1979 Napoleonic board wargame

Cover art by Lady Butler

Battles of the Hundred Days is a board wargame published by Operational Studies Group in 1979 that simulates the final Hundred Days of Napoleon's reign, culminating in the Battle of Waterloo. The game rights were purchased by Avalon Hill who retitled it Hundred Days Battles.

==Background==
In March 1815, Napoleon escaped from his exile on Elba, returned to France, raised another army and began the campaign of a Hundred Days that would end at the Battle of Waterloo.

==Description==
Battles of the Hundred Days is a two-player game in which one player controls the forces of France, while the other controls the Anglo-Prussian forces. The game uses a rule system devised by Kevin Zucker called the "Campaigns of Napoleon" system—also used in the other board wargames such as The Emperor Returns (1986), Napoleon at Bay (1978), and Arcola, The Battle for Italy 1796.

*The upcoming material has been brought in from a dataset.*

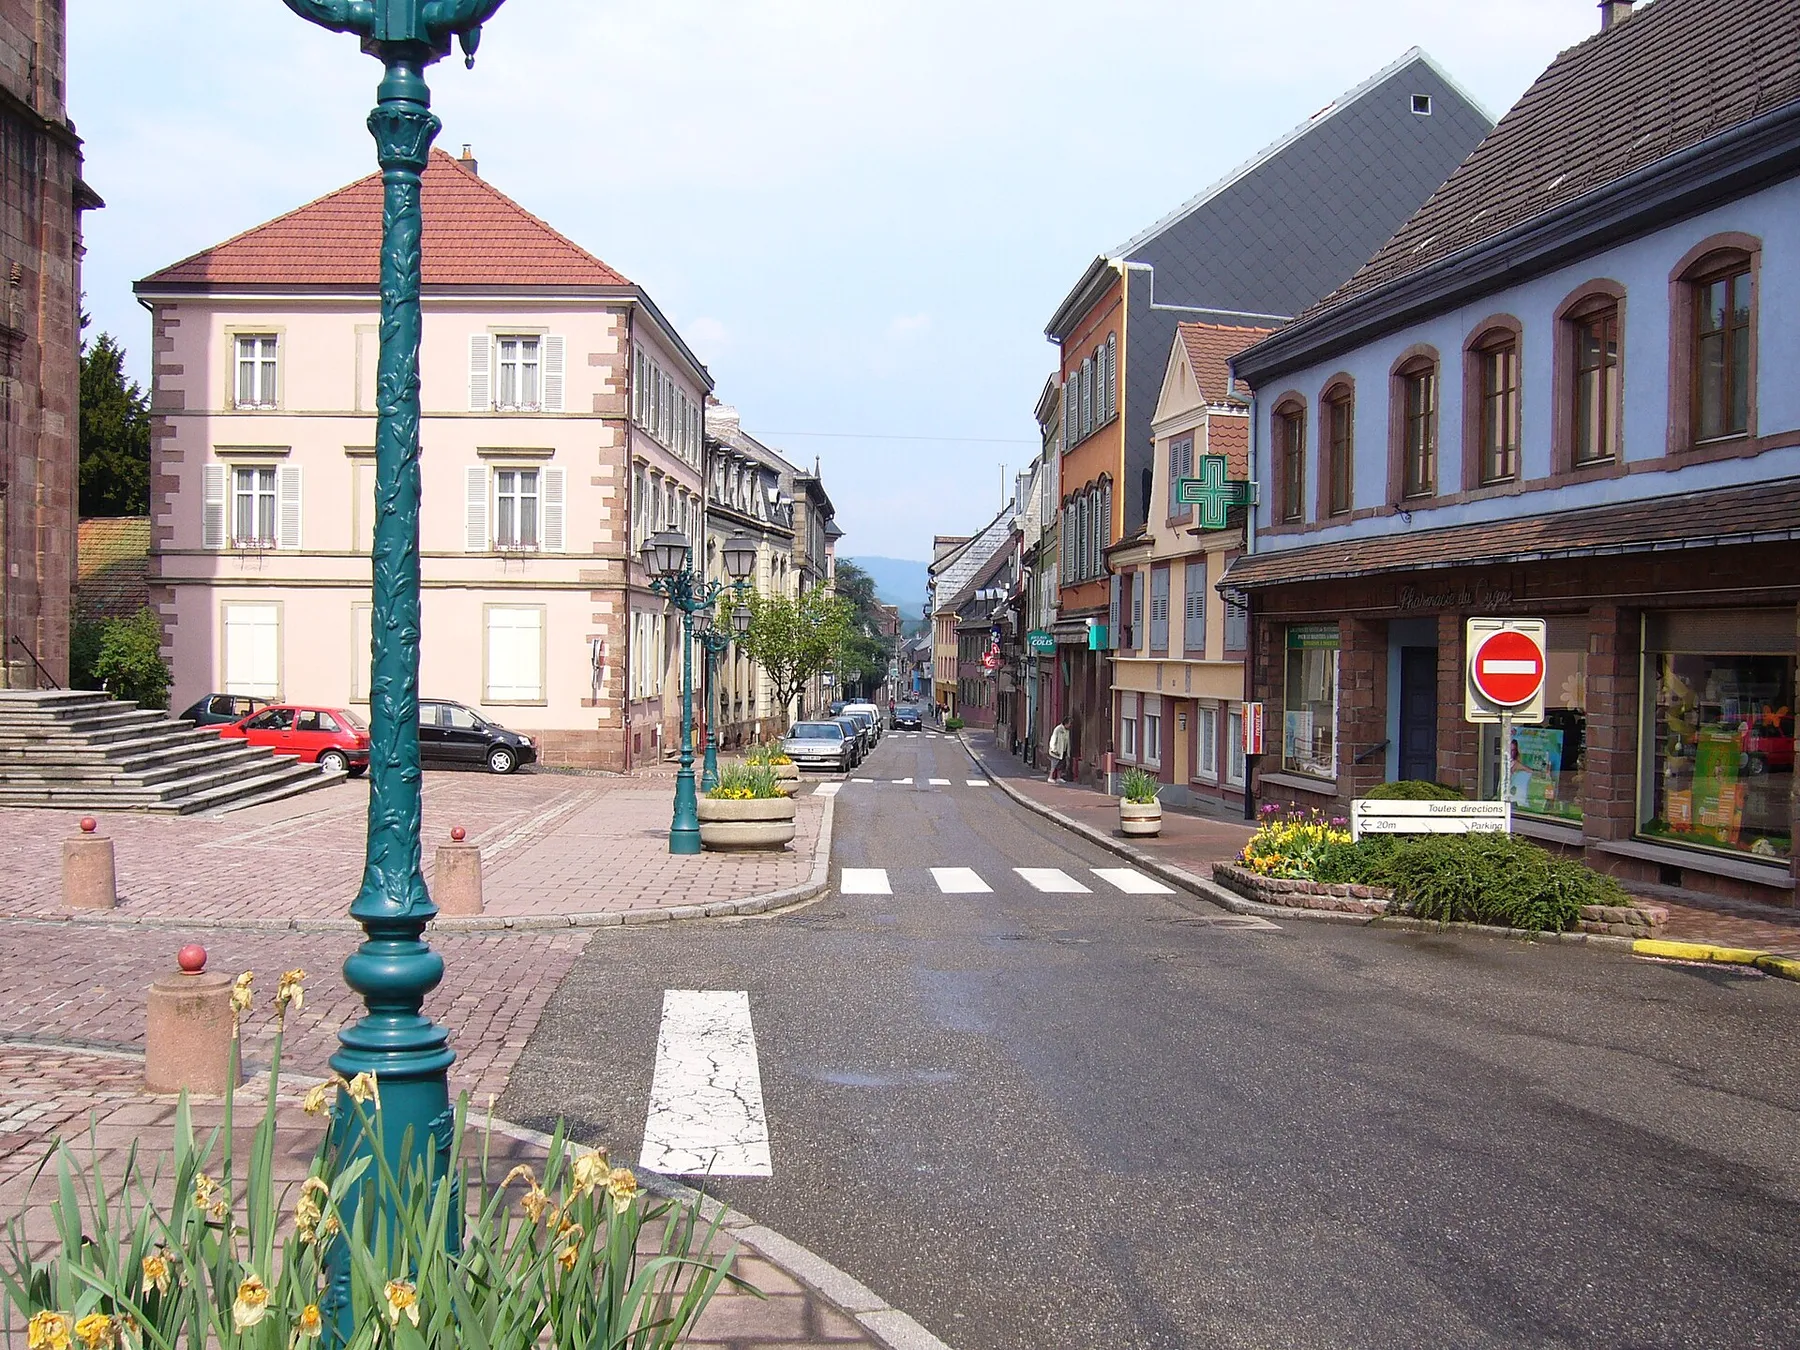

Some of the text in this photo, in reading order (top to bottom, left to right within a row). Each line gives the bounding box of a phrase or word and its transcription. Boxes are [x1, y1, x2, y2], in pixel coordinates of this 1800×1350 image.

The game is small, with only 100 counters, an 11" x 17" map and an 8-page rule book.

===Gameplay===
Only the counters for leaders and commanders appear on the board, while counters for military units are kept on an organizational chart, so the strength of units is not known to the opponent until they engage in combat. Each player starts their turn by consulting the administrative points table to see how many (if any) extra points the player can add to their points pool. These points are used to create movement commands, and to ameliorate march attrition. There are special rules for reinforcements, French garrisons, weather, and morale.

====Movement====
Each leader has an Initiative rating, and cannot move unless the player successfully rolls the leader's initiative or lower. The Austrians are given one free movement not requiring an Initiative check as long as the leader is within ten Cavalry Movement Points of a Dispatch Hex.

====Combat====
As a result of combat, the losing unit loses strength points and is required to retreat a certain number of hexes. The victorious player rolls a die to see how far their unit may move in pursuit. The retreating unit must lose strength points equal to what the victorious unit lost or the number of hexes the victorious unit can pursue, whichever is greater. If the victorious unit catches the defending unit, the retreating unit is eliminated. In addition, units that lose too many strength points become offensively ineffective, although they can still fight defensively.

==Publication history==
Kevin Zucker, a managing editor for wargame publisher Simulations Publications, Inc., decided to start up his own games company, Tactical Studies Group, in 1978. One of his first product was Battles of the Hundred Days, released as a ziplock bag game in 1979 with cover art on the rule book by the Victorian artist Lady Butler. Due to the similarity between the company name "Tactical Studies Group" and "Tactical Studies Rules" (TSR – the publisher of Dungeons & Dragons) — Zucker quickly changed the company name to Operational Studies Group (OSG).

As would happen with several other OSG games such as Arcola and The Legend of Robin Hood, industry giant Avalon Hill bought Battles of the Hundred Days, retitled it Hundred Days Battle and published it as a boxed set in 1983 with the same cover art.

==Reception==
In Issue 25 of the British wargaming magazine Phoenix, Rob Gibson warned players that because the game only had a hundred counters "one might be forgiven for thinking that this is yet another simple if not simplistic game — but you would be wrong." Gibson concluded "This is not really a game for a beginner: it is fairly complex to learn, but repays in the accuracy of the simulation and the enjoyment to be had in the tense situations it produces. I would even go so far as to recommend it to all gamers, no matter what your period — it's a cracker!"

In Issue 28 of The Grenadier, Marion Bates commented, "Removing tactical considerations makes for a very different game than one is accustomed to on this subject." Bates concluded, "Even with its weaknesses and simplifications, this may be the best treatment of the subject at this level currently available. Extremely fluid and fast-paced despite the added complexity, it can be played in just a couple of hours."

In Issue 52 of Moves, Ian Chadwick was not impressed, writing, "This is really an attempt to cram an excellent operational system into a tactical matrix; where the rules work in the open, they feel cramped in a smaller game. The entire feeling for manoeuver is removed and is dominated by the rules structure, not by the flow of the game." Chadwick concluded, "It's simply not worth the effort to learn the long rules to play such a small game."